=== Begin Enclosure ===

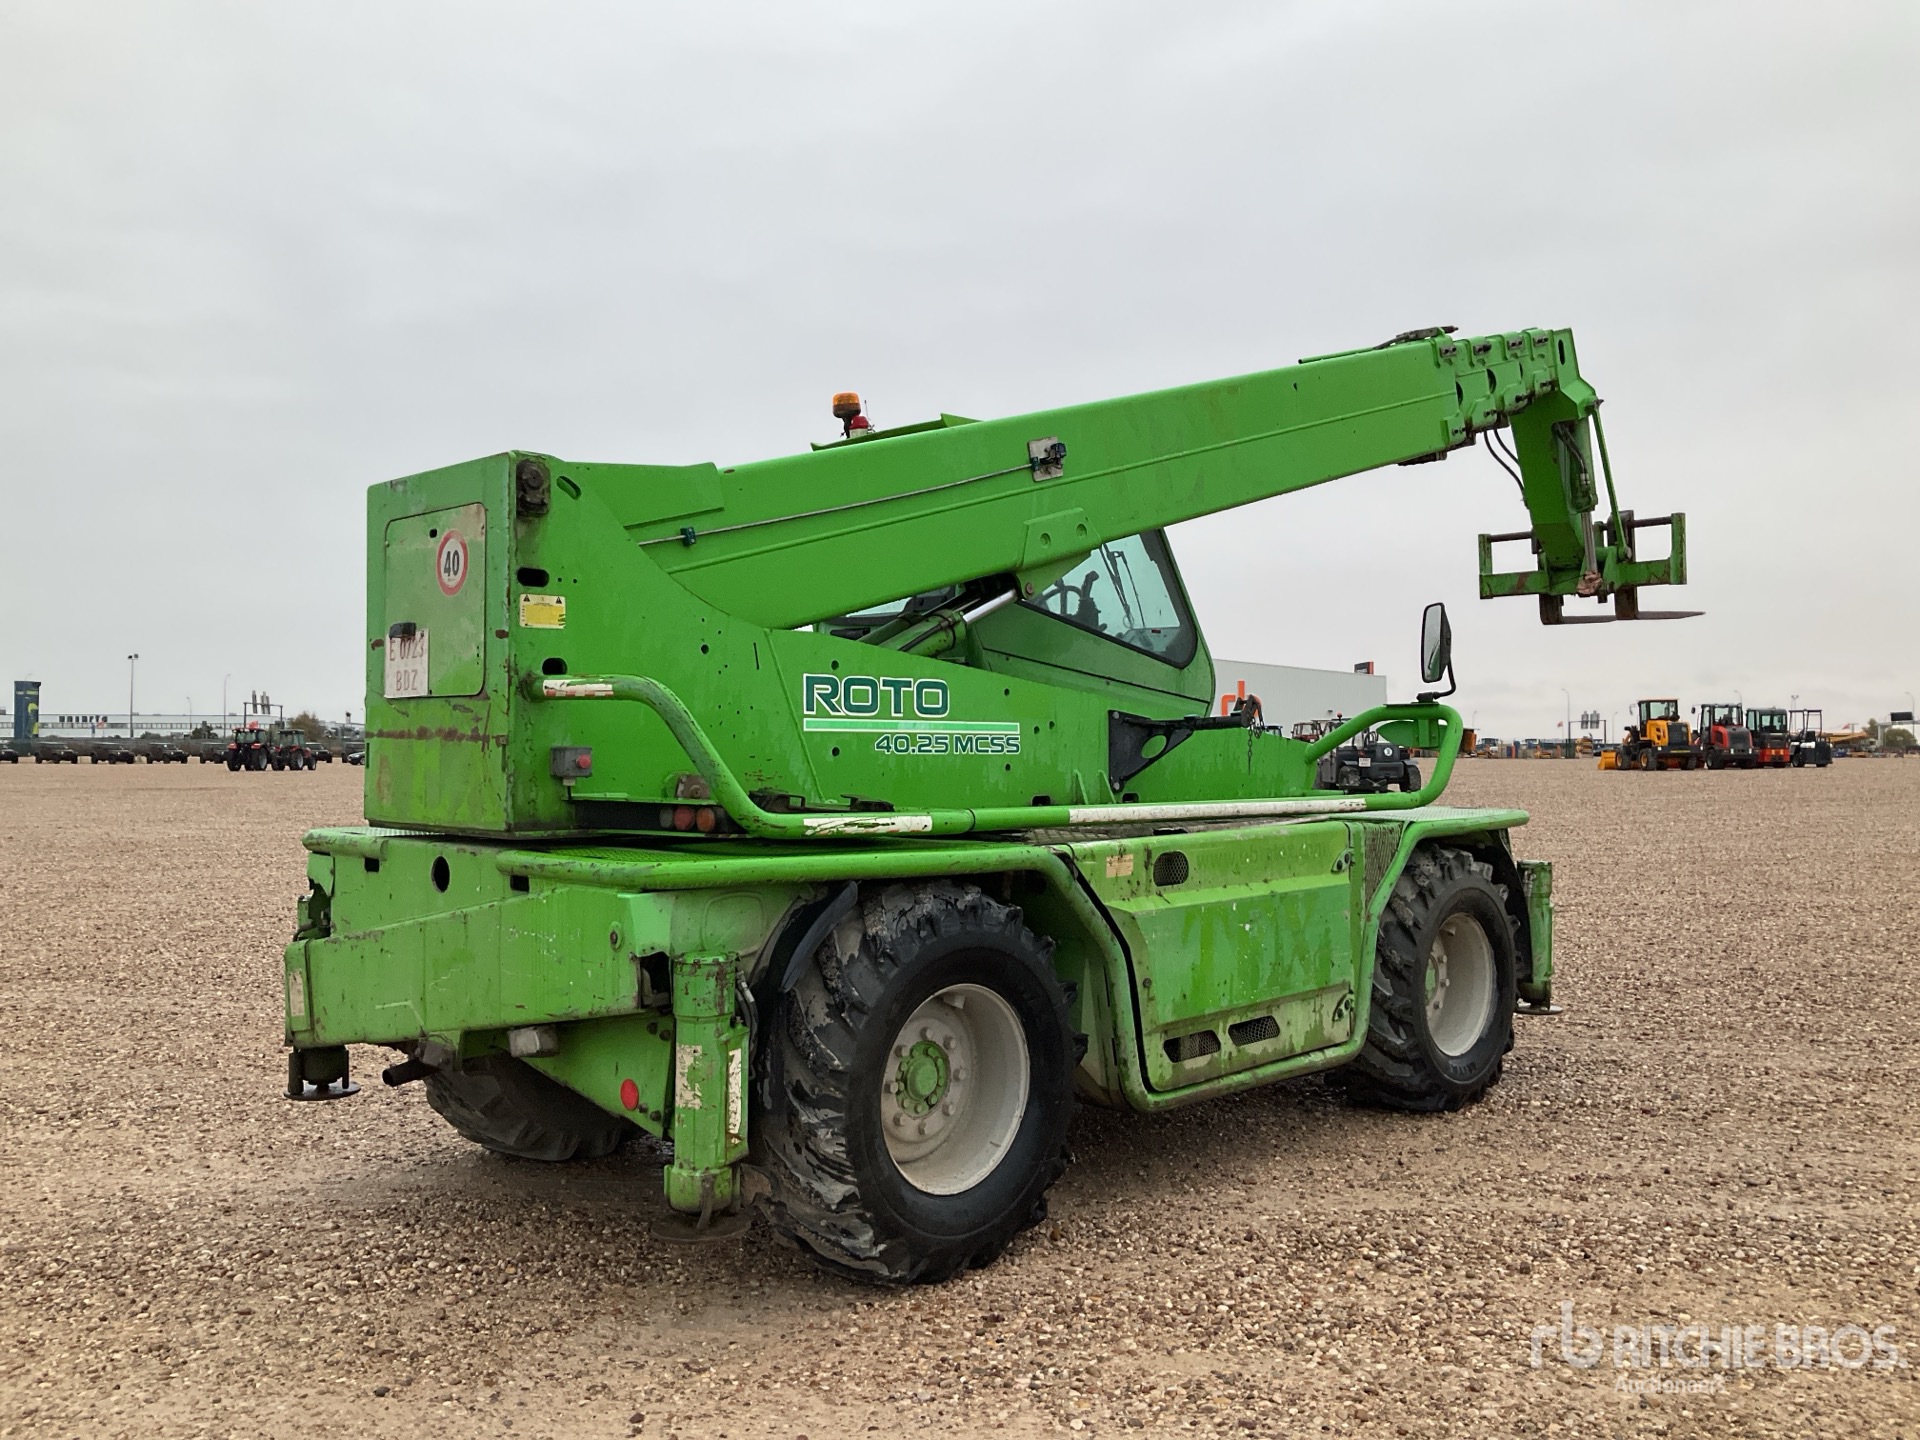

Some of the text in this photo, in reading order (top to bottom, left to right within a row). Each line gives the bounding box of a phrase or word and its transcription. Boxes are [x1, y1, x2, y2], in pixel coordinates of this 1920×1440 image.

[443, 549, 460, 577] 40
[389, 638, 396, 661] E
[396, 669, 418, 691] BDZ
[803, 673, 950, 718] ROTO
[874, 734, 1021, 755] 40.25 MCSS

=== End Enclosure ===

TASK TO CARRY OUT:
Return the listing unchanged except for the pictures, which should be dropped.

TASK OUTPUT:
Some of the text in this photo, in reading order (top to bottom, left to right within a row). Each line gives the bounding box of a phrase or word and its transcription. Boxes are [x1, y1, x2, y2], in pixel coordinates of this 1920×1440 image.

[443, 549, 460, 577] 40
[389, 638, 396, 661] E
[396, 669, 418, 691] BDZ
[803, 673, 950, 718] ROTO
[874, 734, 1021, 755] 40.25 MCSS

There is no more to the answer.